Halmahera Selatan//patroli86.com// — Pagi ini, suasana duka dan harap menyelimuti masyarakat Desa Kubung, Kecamatan Bacan, Halmahera Selatan, setelah satu-satunya jembatan penghubung desa dengan kota Labuha ambruk diterjang derasnya aliran sungai pasca hujan deras semalam.
Jembatan yang selama ini hanya dibangun secara darurat menggunakan batang kelapa dan bahan seadanya, akhirnya tak mampu lagi menahan beban dan usia. Warga yang melintasi sungai pagi ini hanya bisa memandangi sisa-sisa jembatan yang terseret air, dengan rasa was-was dan harapan akan bantuan nyata dari pemerintah.
,”Setiap hari kami melewati jembatan itu, anak-anak ke sekolah, petani bawa hasil panen, semua lewat situ. Sekarang sudah tidak bisa lagi dilewati,” ujar salah satu tokoh masyarakat , warga desa yang sejak pagi tadi hanya bisa memandang dengan segenap harapan dan melihat puing-puing di sekitar sungai.
Jembatan tersebut telah lama dikeluhkan masyarakat karena kondisinya yang tidak layak dan membahayakan. Namun, hingga ambruknya pagi ini, belum ada pihak pemerintah yang melirik.
Aliansi Garda Kubung sebelumnya juga telah menyuarakan kondisi kritis jembatan ini dalam beberapa kesempatan.

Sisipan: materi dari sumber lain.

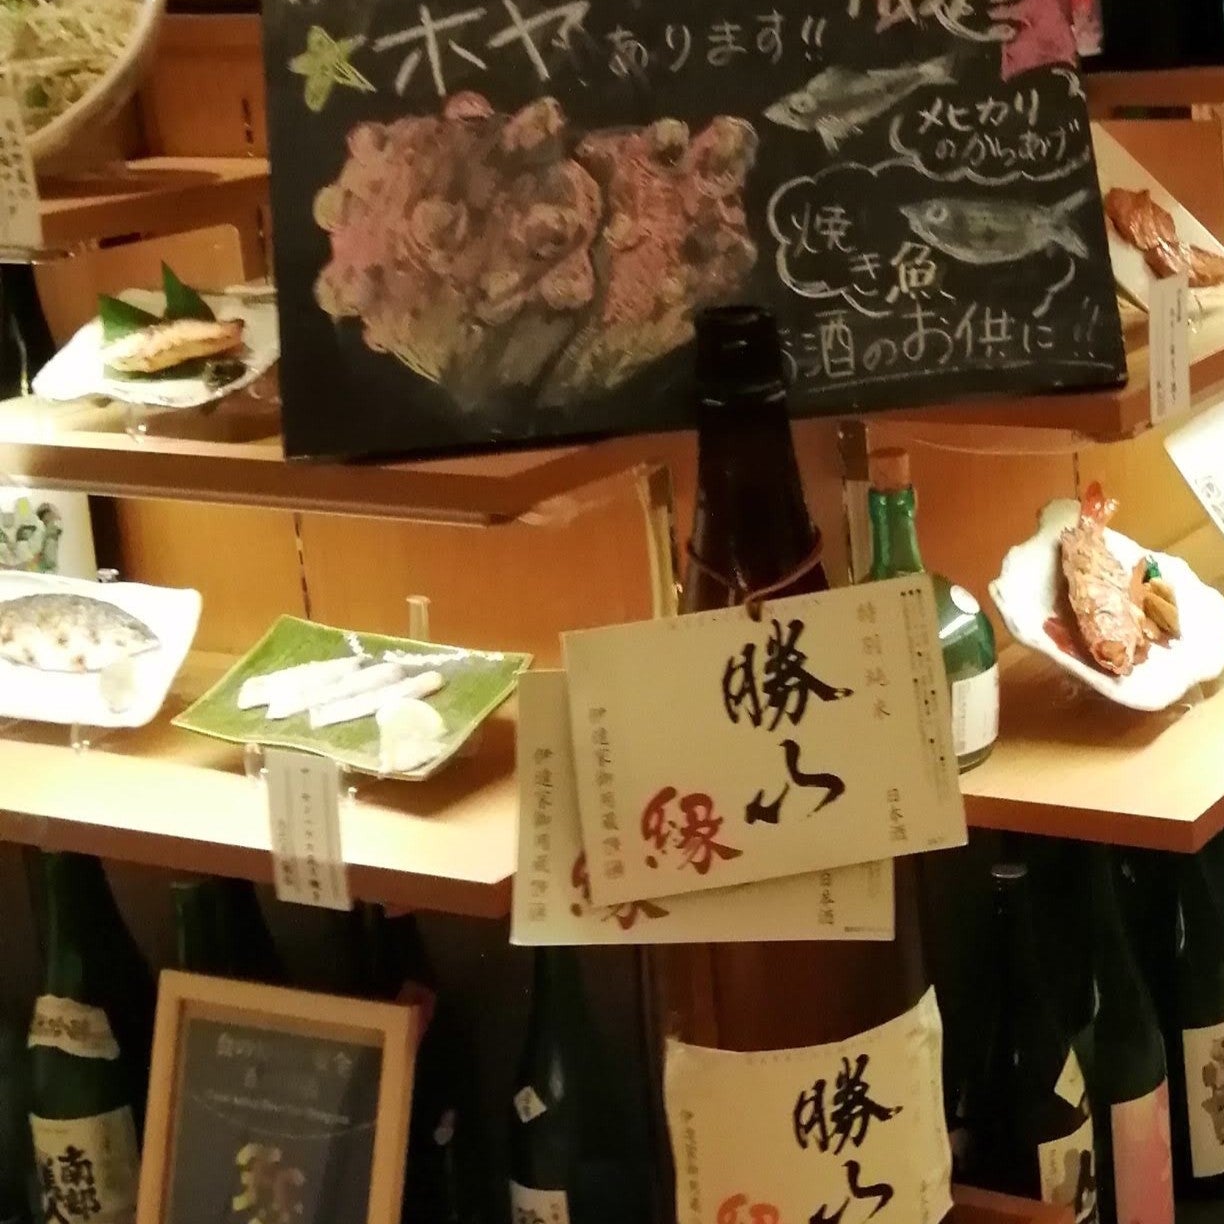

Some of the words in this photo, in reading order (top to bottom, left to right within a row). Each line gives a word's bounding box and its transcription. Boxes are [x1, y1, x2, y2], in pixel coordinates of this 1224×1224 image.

[917, 89, 1038, 134] メヒカリ
[791, 203, 957, 303] 焼き魚
[722, 619, 853, 825] 勝山

Mereka menilai lambannya respon dari pihak berwenang menunjukkan lemahnya komitmen terhadap pembangunan infrastruktur dasar di wilayah-wilayah terpencil.
“Masyarakat tidak butuh janji lagi. Kami butuh jembatan yang kuat, yang bisa kami lalui tanpa takut jatuh atau hanyut,” tegas ketua aliansi Garda Kubung .
Kini, harapan masyarakat tertuju pada pemerintah daerah dan instansi terkait untuk segera bertindak cepat. Mengingat jembatan tersebut adalah satu-satunya akses utama bagi masyarakat menuju kota untuk keperluan pendidikan, kesehatan, ekonomi, dan administrasi.
Jika tak segera ditangani, warga akan semakin terisolasi dan roda ekonomi desa bisa terganggu dalam waktu yang tidak sebentar,”tutup Ringgo larengsi.